The results here showing interactions between α-Klotho and cellular senescence add to evidence supporting our “Unitary Theory of Targeting Fundamental Ageing Mechanisms”90,91: that targeting any one fundamental ageing mechanism may positively impact most or all of the others. Cellular senescence can contribute to other “pilars of ageing”, including inflammation, fibrosis, DNA damage, mitochondrial dysfunction, ROS generation, NAD+ depletion, protein aggregation, failed autophagy, lipotoxicity, and stem/progenitor cell dysfunction. Conversely, other fundamental ageing processes can lead to cellular senescence. This may partly explain why targeting even a single fundamental ageing process, such as senescence, appears to delay, prevent, or alleviate multiple age-related diseases and disorders as a group.30,90, 91, 92 We speculate that senolytics might impact many, or perhaps even all of the pillars of ageing,93 with increased α-Klotho resulting from administering senolytics being an example.
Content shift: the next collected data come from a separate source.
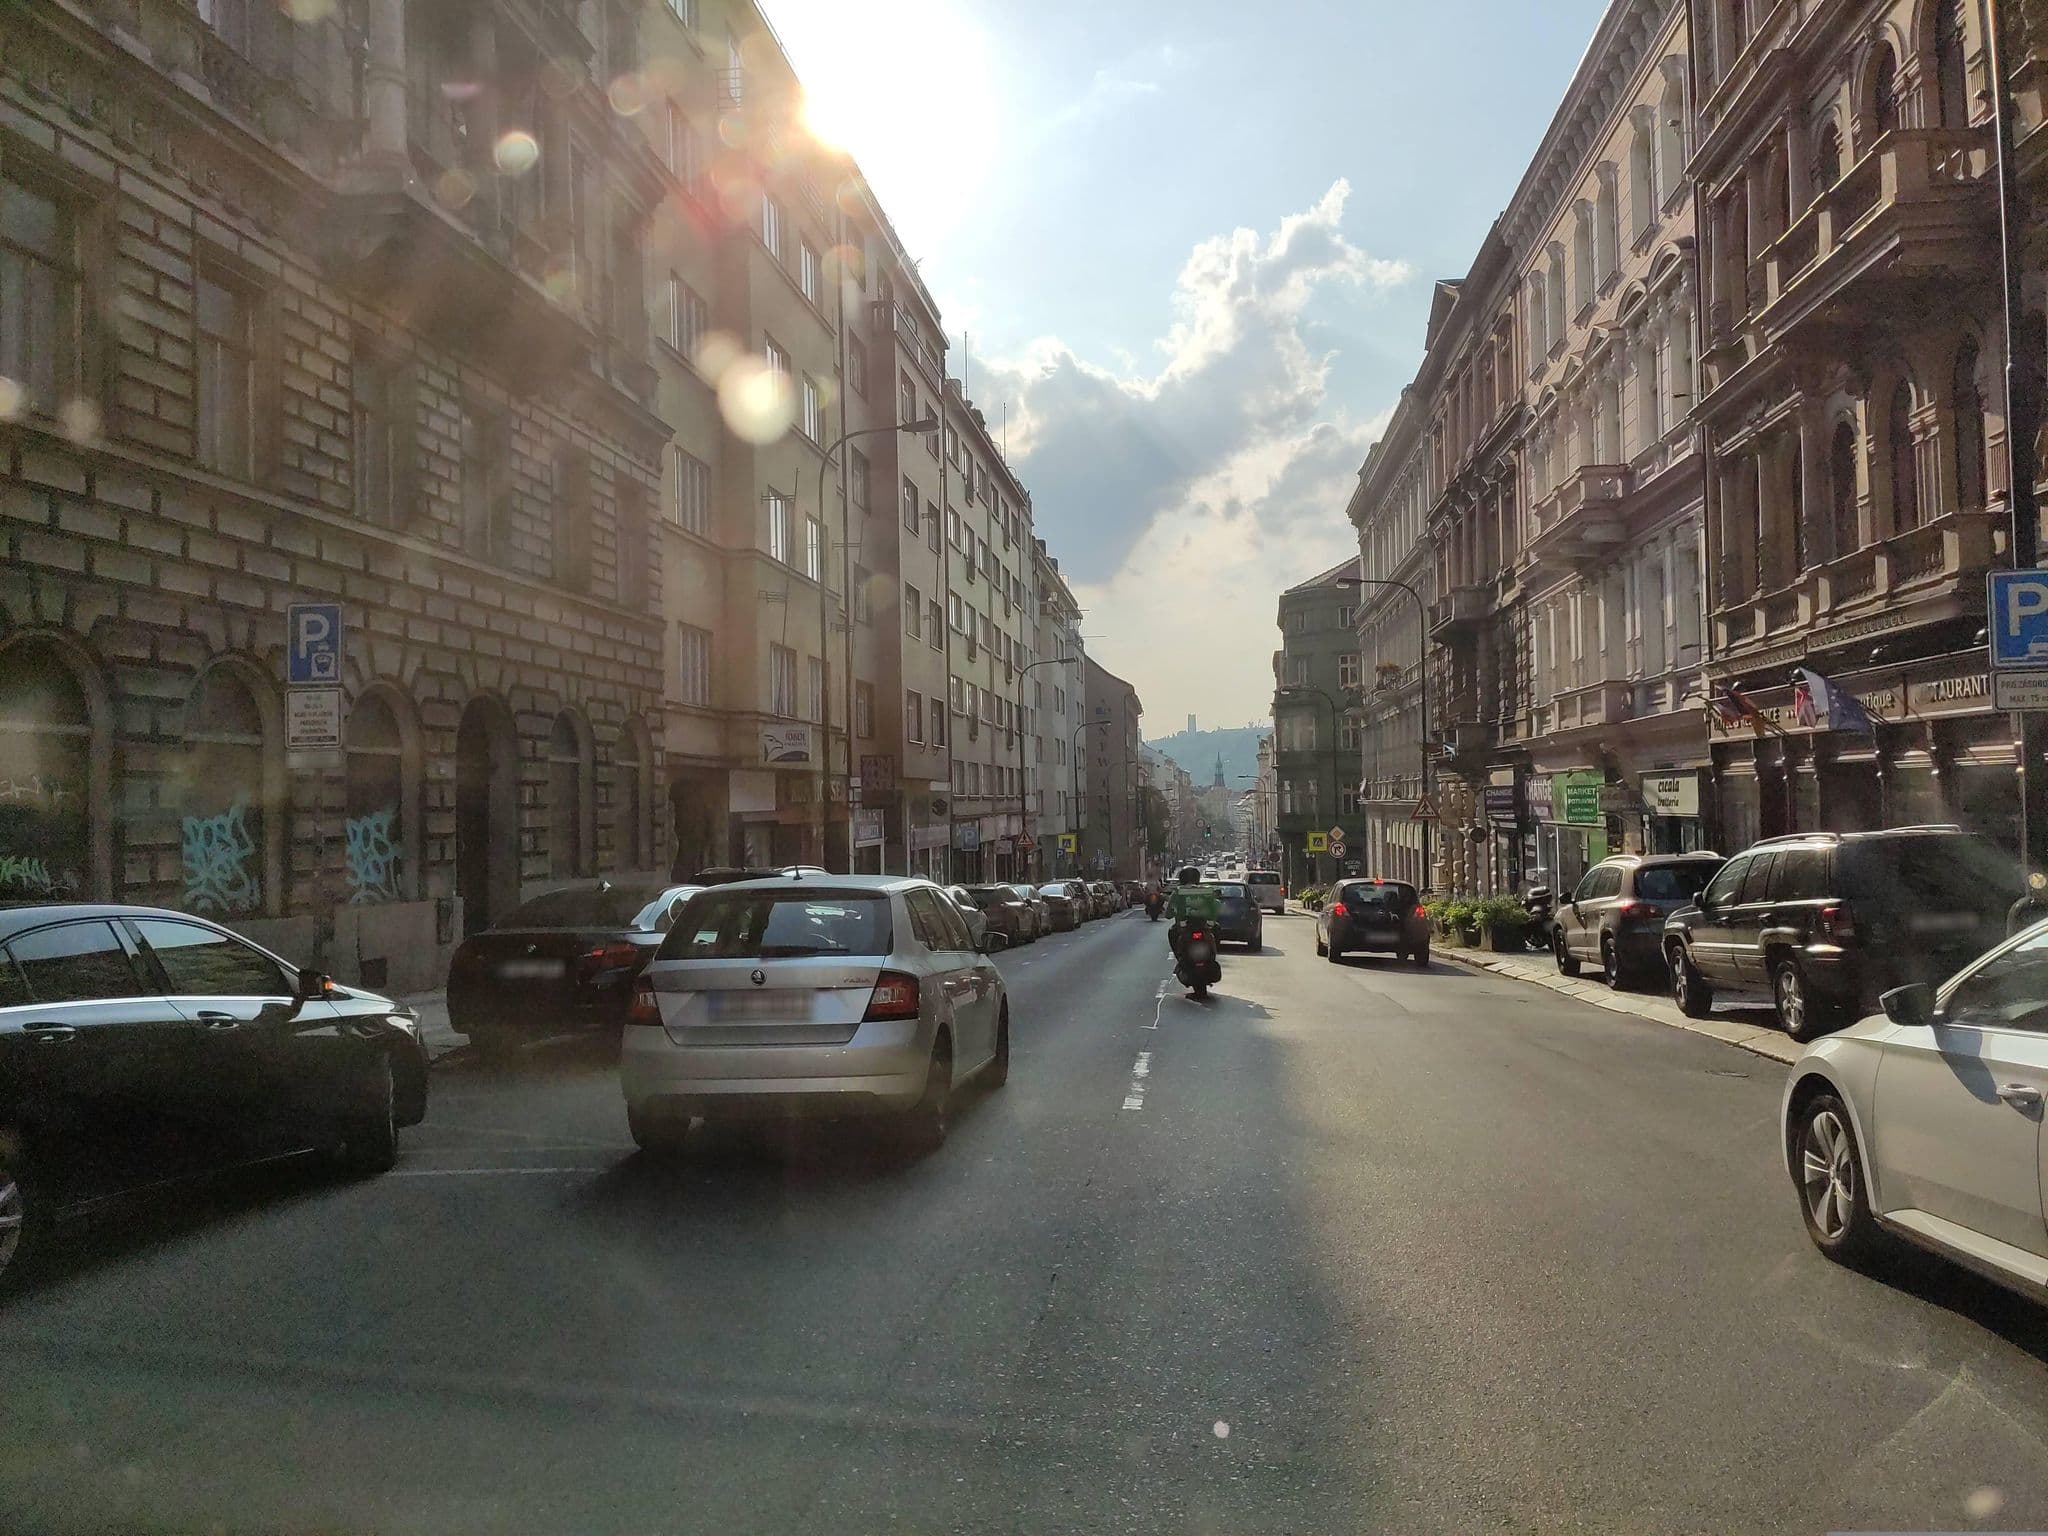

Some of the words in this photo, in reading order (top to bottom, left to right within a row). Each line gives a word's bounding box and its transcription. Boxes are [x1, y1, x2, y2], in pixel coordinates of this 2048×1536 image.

[2007, 582, 2048, 636] P
[299, 613, 330, 659] P
[1485, 788, 1513, 797] CHANGE
[1524, 779, 1552, 801] CHANGE
[1567, 787, 1596, 795] MARKET
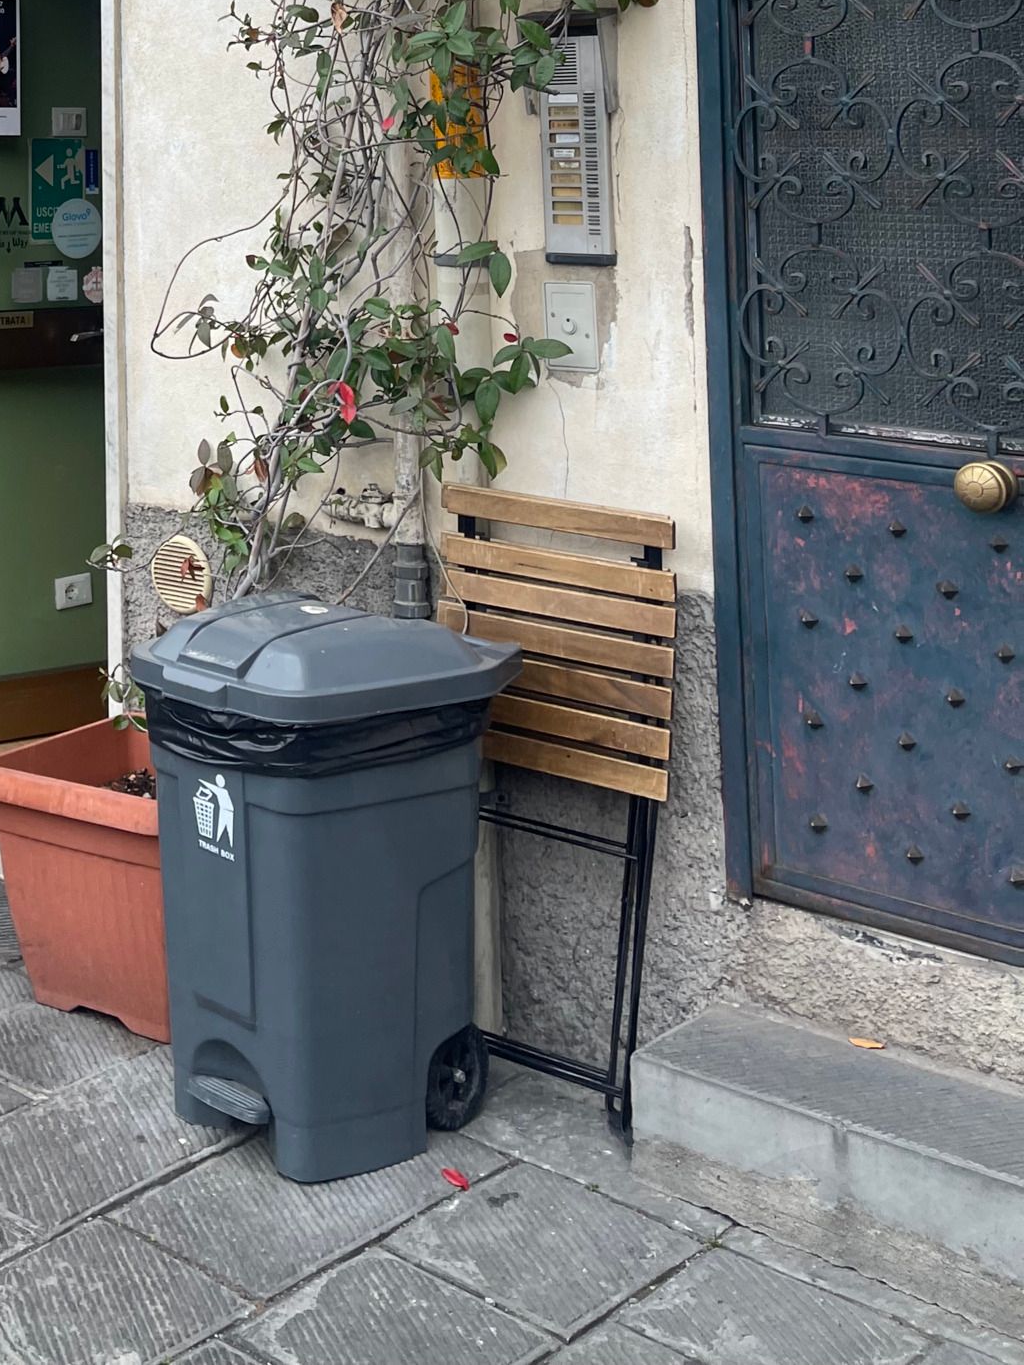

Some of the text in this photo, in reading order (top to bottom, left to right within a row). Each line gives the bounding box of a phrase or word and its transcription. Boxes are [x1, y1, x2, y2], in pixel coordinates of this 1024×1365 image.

[62, 210, 89, 222] Glovo
[198, 839, 236, 862] TRASH BOX
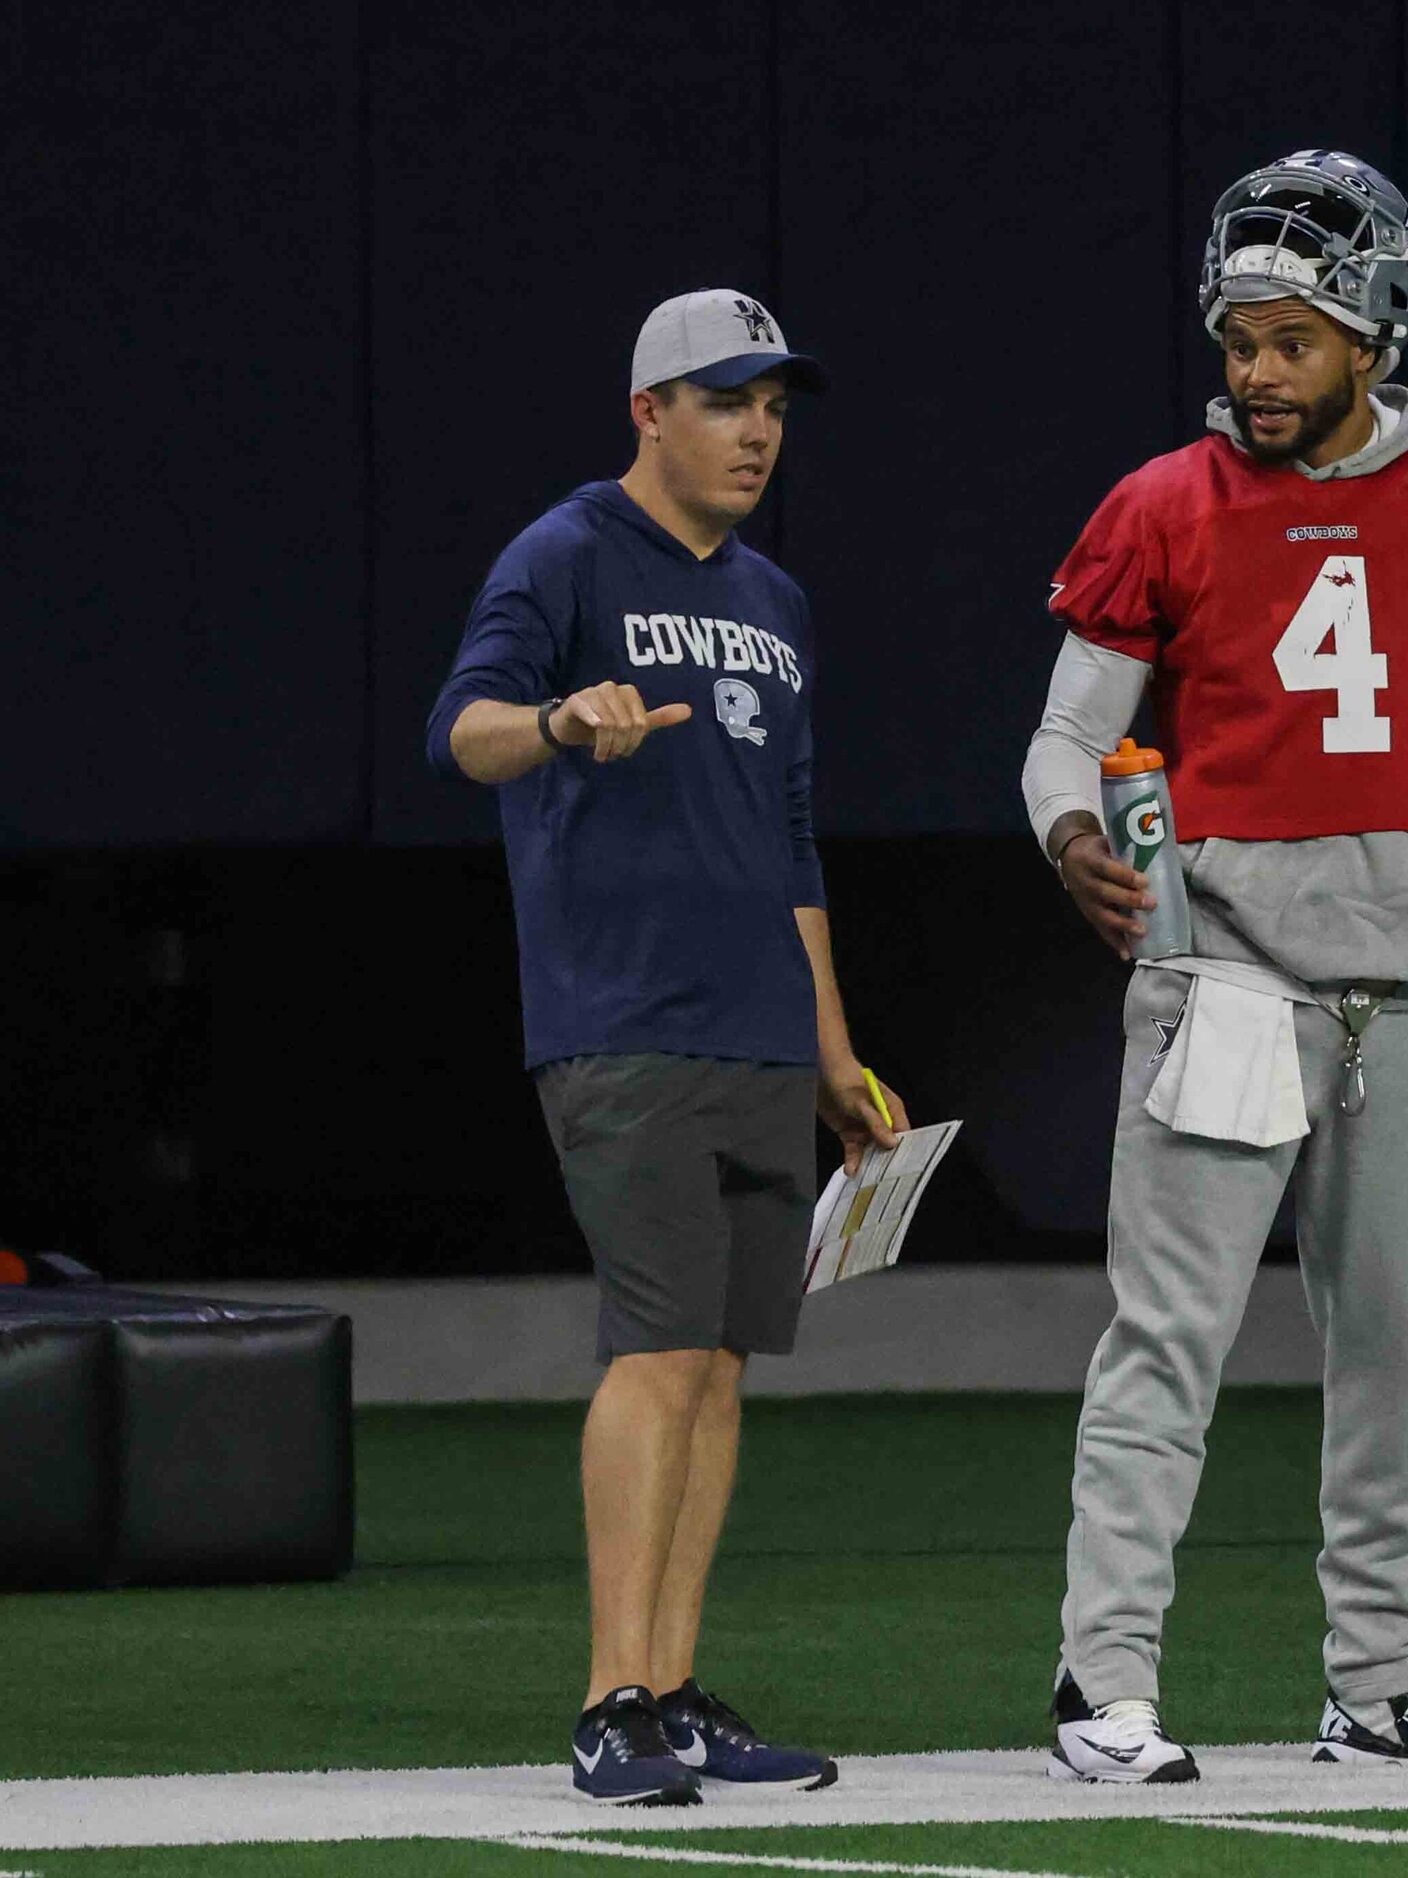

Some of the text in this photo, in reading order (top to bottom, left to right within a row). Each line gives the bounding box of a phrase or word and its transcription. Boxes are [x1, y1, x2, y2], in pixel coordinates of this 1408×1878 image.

[1286, 526, 1358, 542] COWBOYS
[623, 612, 803, 694] COWBOYS
[1272, 556, 1391, 753] 4
[1126, 799, 1164, 847] G
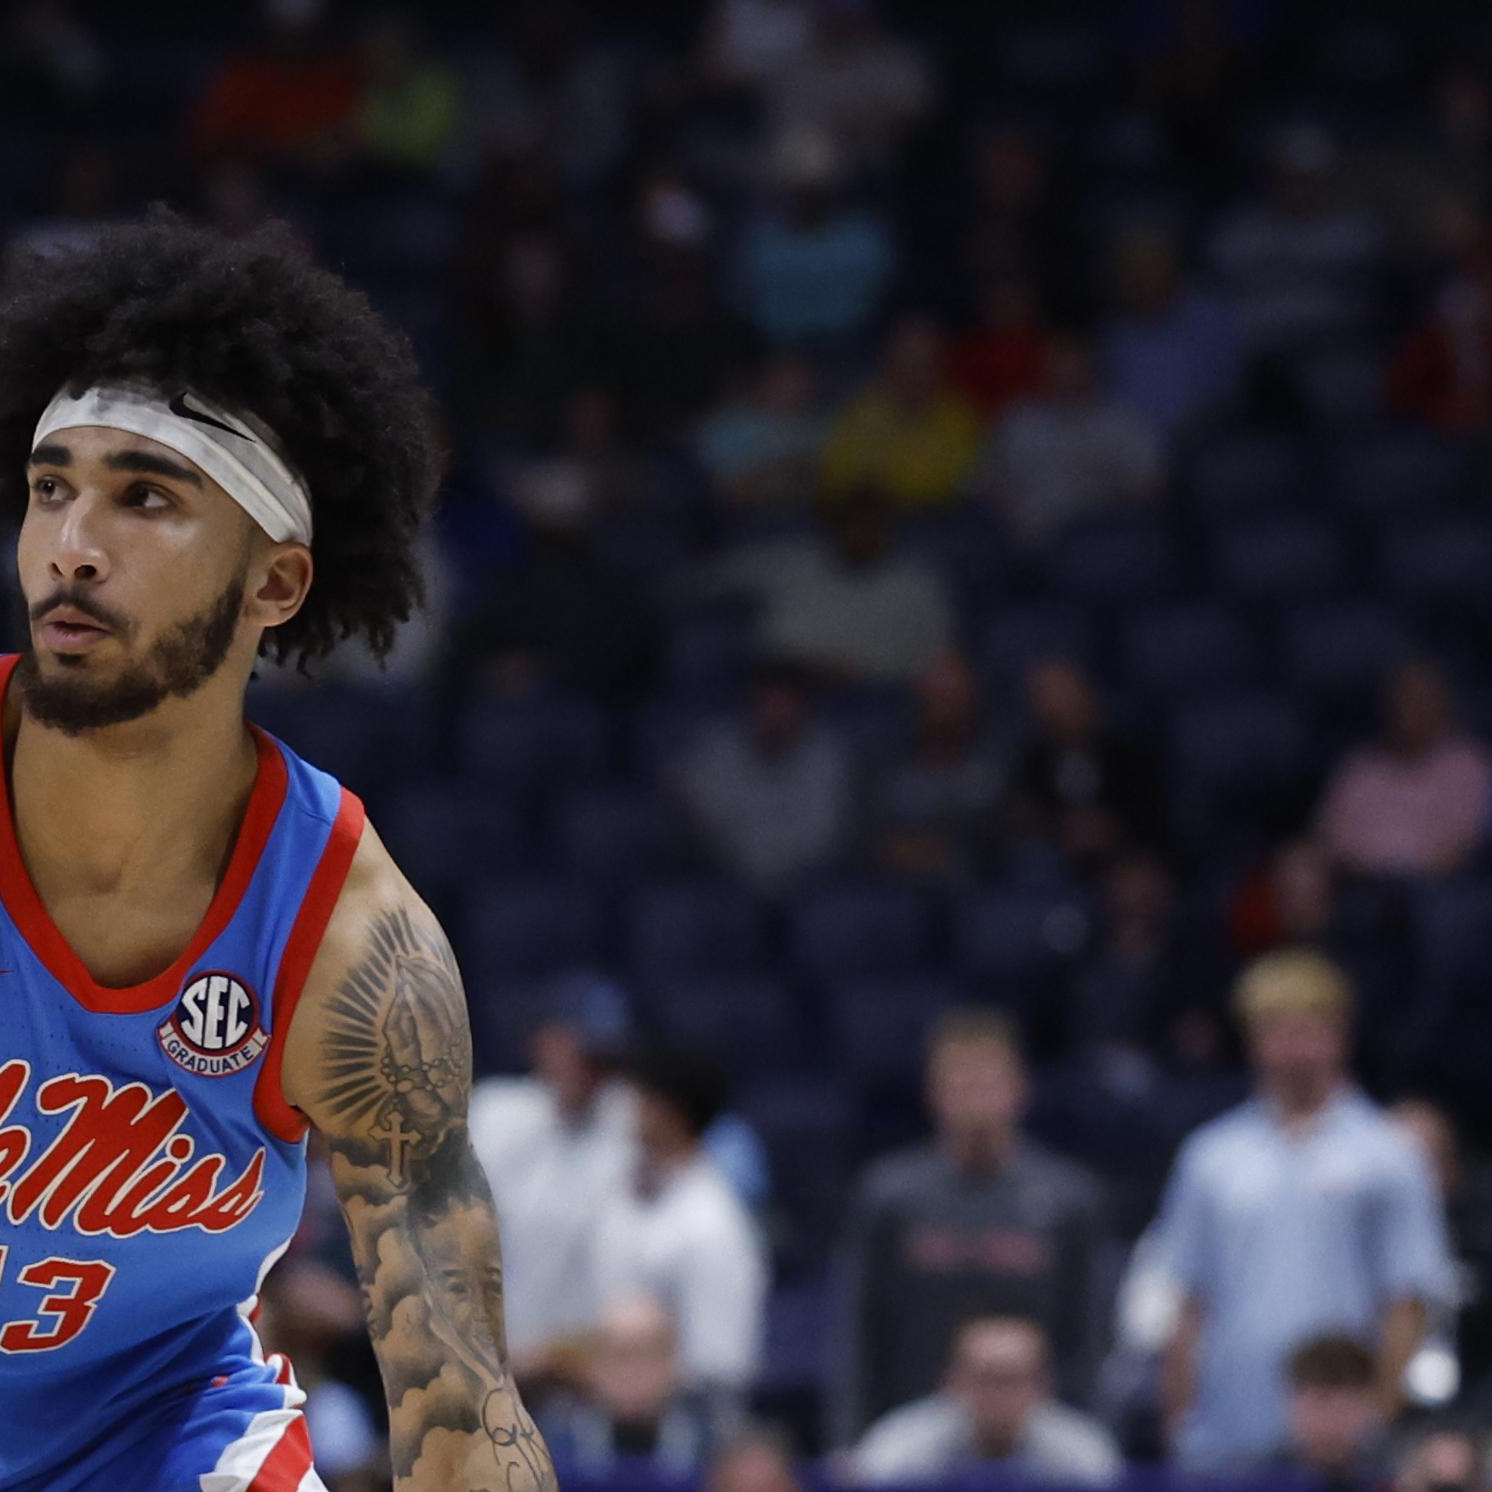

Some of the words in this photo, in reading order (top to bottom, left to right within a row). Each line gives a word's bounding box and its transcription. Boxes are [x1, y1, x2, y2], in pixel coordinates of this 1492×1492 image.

[180, 975, 251, 1050] SEC
[167, 1039, 255, 1074] GRADUATE
[8, 1072, 267, 1240] Miss
Examples of the impact of senolytics on other pillars of ageing include: (1) preventing or reversing age-related decreases in the ecto-enzyme CD38, which metabolizes nicotinamide adenine dinucleotide (NAD+), leading to restoration of NAD+ levels,94 (2) attenuating age-related inflammation and fibrosis,37,45,75,95, 96, 97, 98 (3) reducing the extent of age-related declines in mitochondrial function and blunting ROS generation,99 (4) decreasing DNA damage,100 (5) restoring insulin sensitivity,53,60 and (6) blunting age-related increases in mTOR (manuscript in preparation). Additionally, targeting senescent cells can alleviate age- and chronic disease-related progenitor cell dysfunction: senolytics enhance adipose progenitor,36,53 osteoblast progenitor,62 and cardiac progenitor cell function76 and restore neurogenesis75,77 in ageing animals or animals with cellular senescence-related conditions. If our Unitary Theory holds true, it will be critical to test whether combining individual interventions targeting interlinked or independent fundamental ageing mechanisms has less than additive, additive, or synergistic effects.

Declaration of interests

Y.Z., T.T., N.G., T.P., A.K.P., and J.L.K. have a financial interest related to this research. Patents on senolytic drugs are held by Mayo Clinic. This research has been reviewed by the Mayo Clinic Conflict of Interest Review Board and was conducted in compliance with Mayo Clinic Conflict of Interest policies. No conflicts of interest, financial or otherwise, are declared by the other authors.

Acknowledgments

Contributors

Y.Z., L.G.P.L.P., J.M.E.N., N.G., T.P., A.X., U.T., E.O.W.G., and T.C. performed experiments and verified the data in this study. K.O.J. and C.L.I. bred, genotyped, and pre-treated mice. L.G.P.L.P. and K.S. conducted immunofluorescence staining and quantification. J.C. performed statistical analyses. J.N.J., A.M.N., N.M., S.B.K., S.K., T.T., and J.L.K. designed or conducted the previous human clinical trial. J.L.K., Y.Z., and T.T. designed the current study and wrote the manuscript. A.K.P., D.J., and M.J.S. reviewed and edited the manuscript. All authors read, edited, and approved the final version of the manuscript.

Acknowledgements

We thank Victoria S. Shea and Jacqueline L. Armstrong for administrative help during manuscript submission. We thank Dr. Darren J. Baker for providing feedback and comments on this work. This work was supported by National Institute of Health grants AG013925 (J.L.K.), AG062413 (J.L.K., S.K.), AG044271 (N.M.), AG013319 (N.M.), and the Translational Geroscience Network (AG061456: J.L.K., T.T., N.M., S.B.K., S.K.), Robert and Arlene Kogod (J.L.K.), the Connor Group (J.L.K.), Robert J. and Theresa W. Ryan (J.L.K.), and the Ted Nash Long Life (J.L.K.) and Noaber Foundations (J.L.K.). The previous IPF clinical trial was supported by the Claude D. Pepper Older Americans Independence Centers at WFSM (AG021332: J.N.J., S.B.K.) and UTHSCA (AG044271: A.M.N.), and the Translational Geroscience Network.

Data sharing statement

All data associated with this study are in the article or the Supplementary Materials. The INK-ATTAC mouse strain is patented by Mayo Clinic and should be requested under a material transfer agreement.

Footnotes

Supplementary material associated with this article can be found, in the online version, at doi:10.1016/j.ebiom.2022.103912.

Contributor Information

Yi Zhu, Email: Zhu.Yi@Mayo.edu.

James L. Kirkland, Email: Kirkland.James@Mayo.edu.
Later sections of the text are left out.